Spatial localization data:
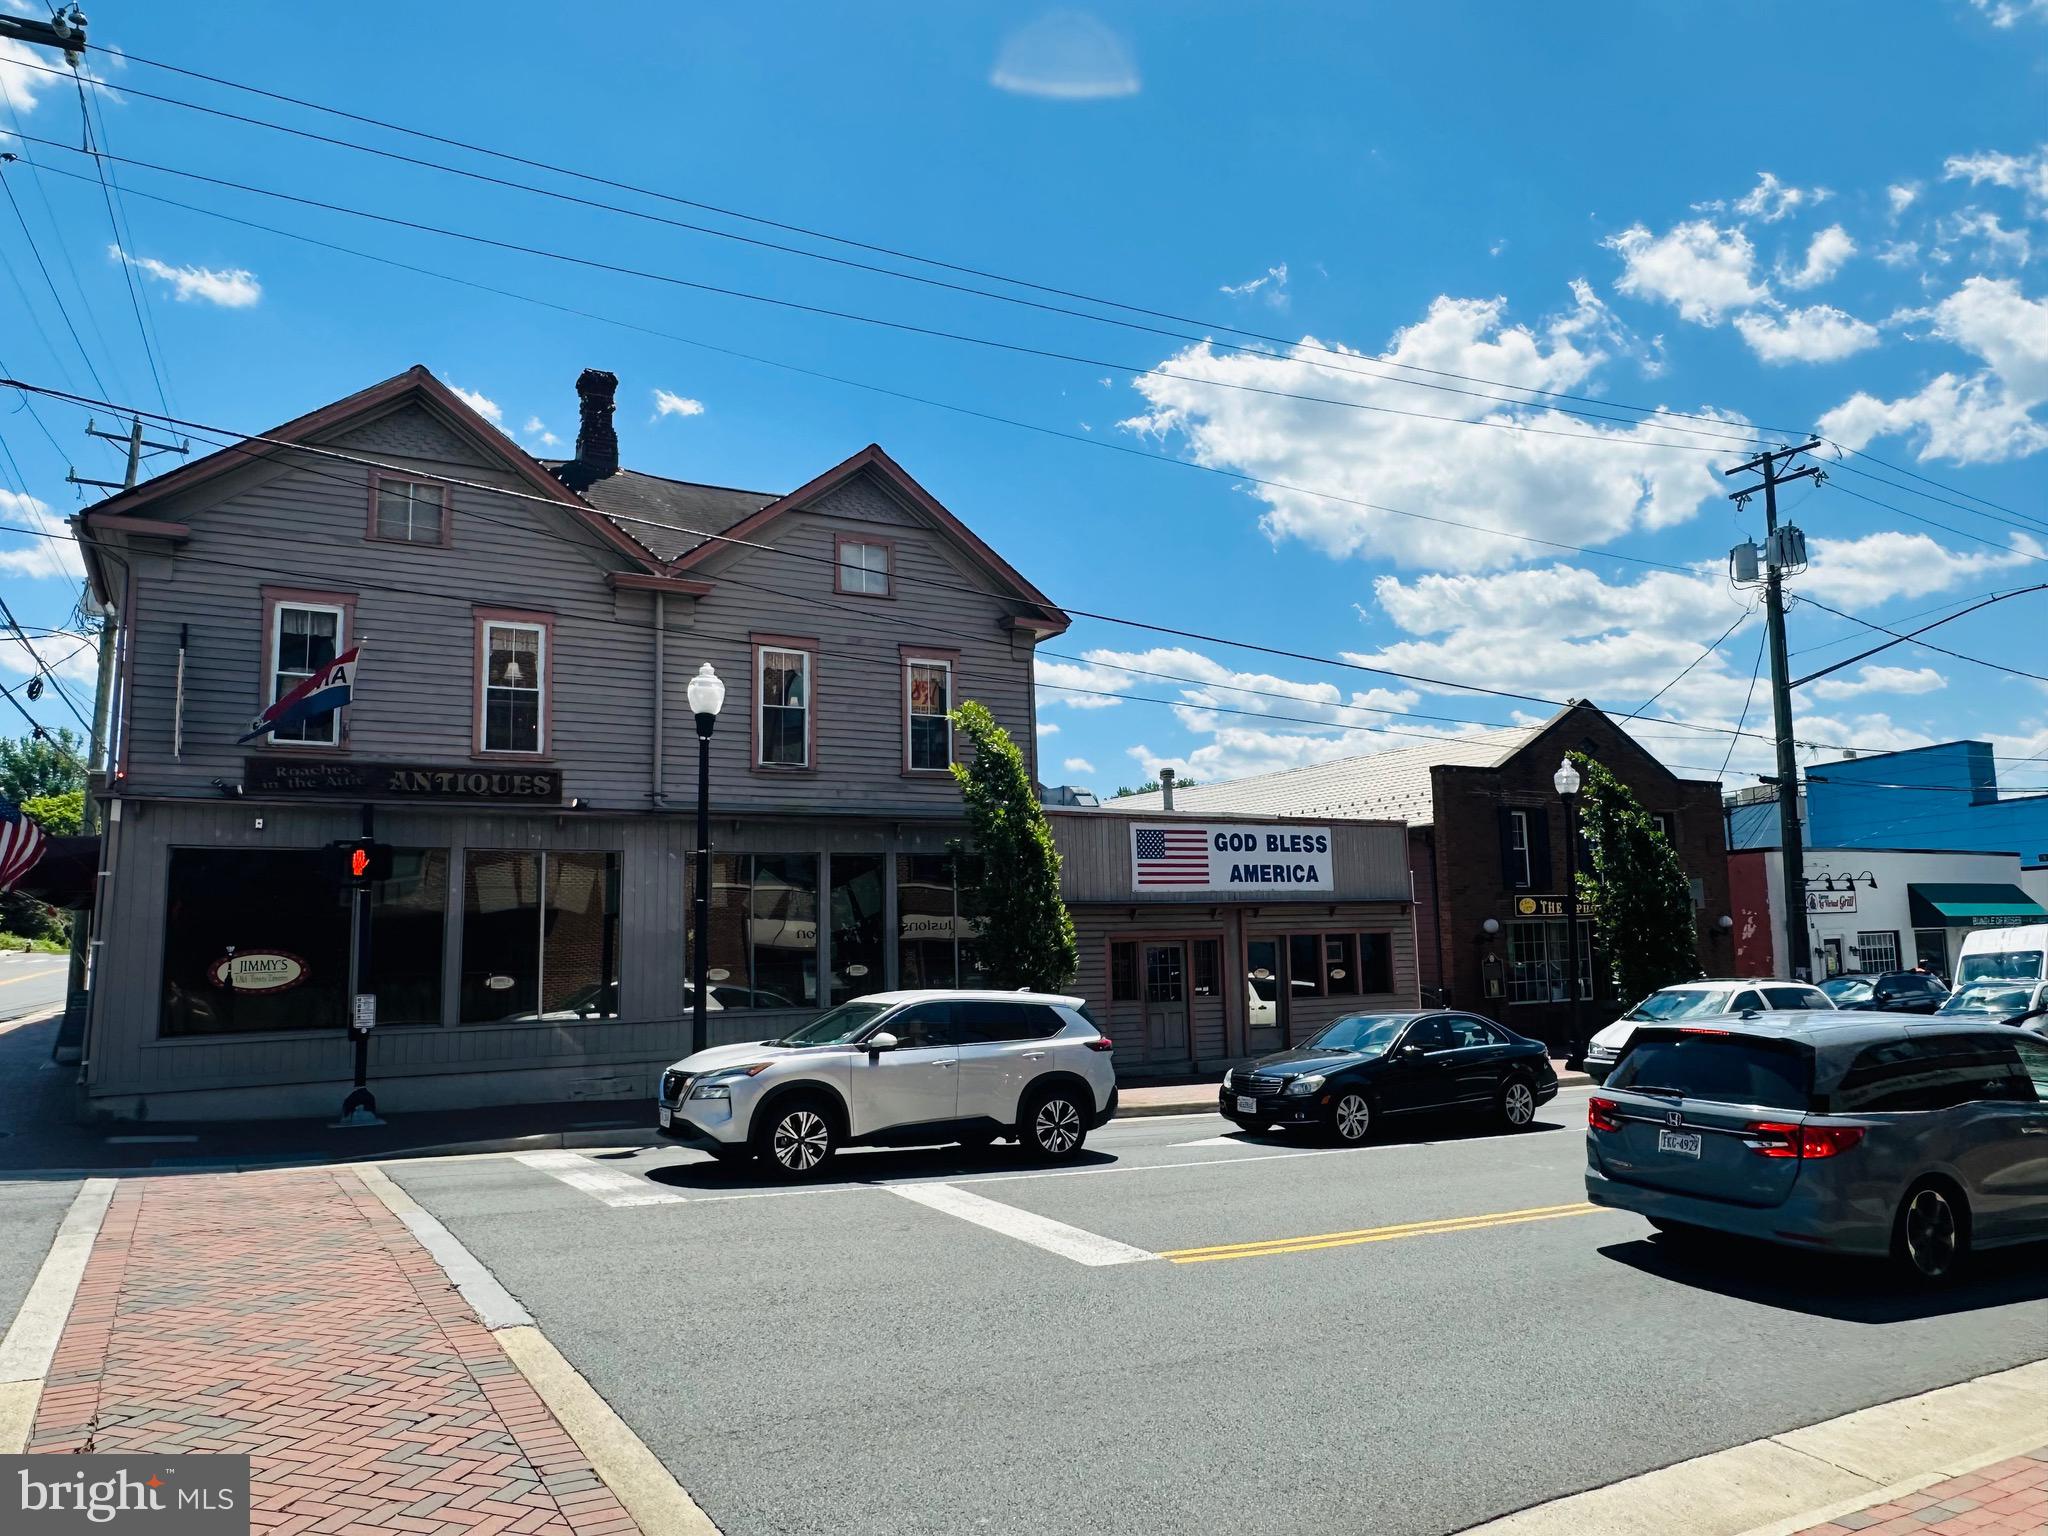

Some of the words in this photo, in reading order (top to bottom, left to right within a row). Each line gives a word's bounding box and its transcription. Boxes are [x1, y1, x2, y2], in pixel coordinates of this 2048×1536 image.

[276, 765, 352, 777] Roaches
[288, 777, 317, 788] the
[327, 774, 365, 787] Attic
[389, 770, 551, 797] ANTIQUES
[1214, 833, 1258, 852] GOD
[1266, 834, 1327, 853] BLESS
[1229, 864, 1319, 883] AMERICA
[1540, 900, 1563, 914] THE
[240, 959, 288, 973] JIMMY'S

- **Brief**
Return the records above exactly, without the pictures.

- **Expected answer**
Some of the words in this photo, in reading order (top to bottom, left to right within a row). Each line gives a word's bounding box and its transcription. Boxes are [x1, y1, x2, y2], in pixel coordinates of this 2048×1536 image.

[276, 765, 352, 777] Roaches
[288, 777, 317, 788] the
[327, 774, 365, 787] Attic
[389, 770, 551, 797] ANTIQUES
[1214, 833, 1258, 852] GOD
[1266, 834, 1327, 853] BLESS
[1229, 864, 1319, 883] AMERICA
[1540, 900, 1563, 914] THE
[240, 959, 288, 973] JIMMY'S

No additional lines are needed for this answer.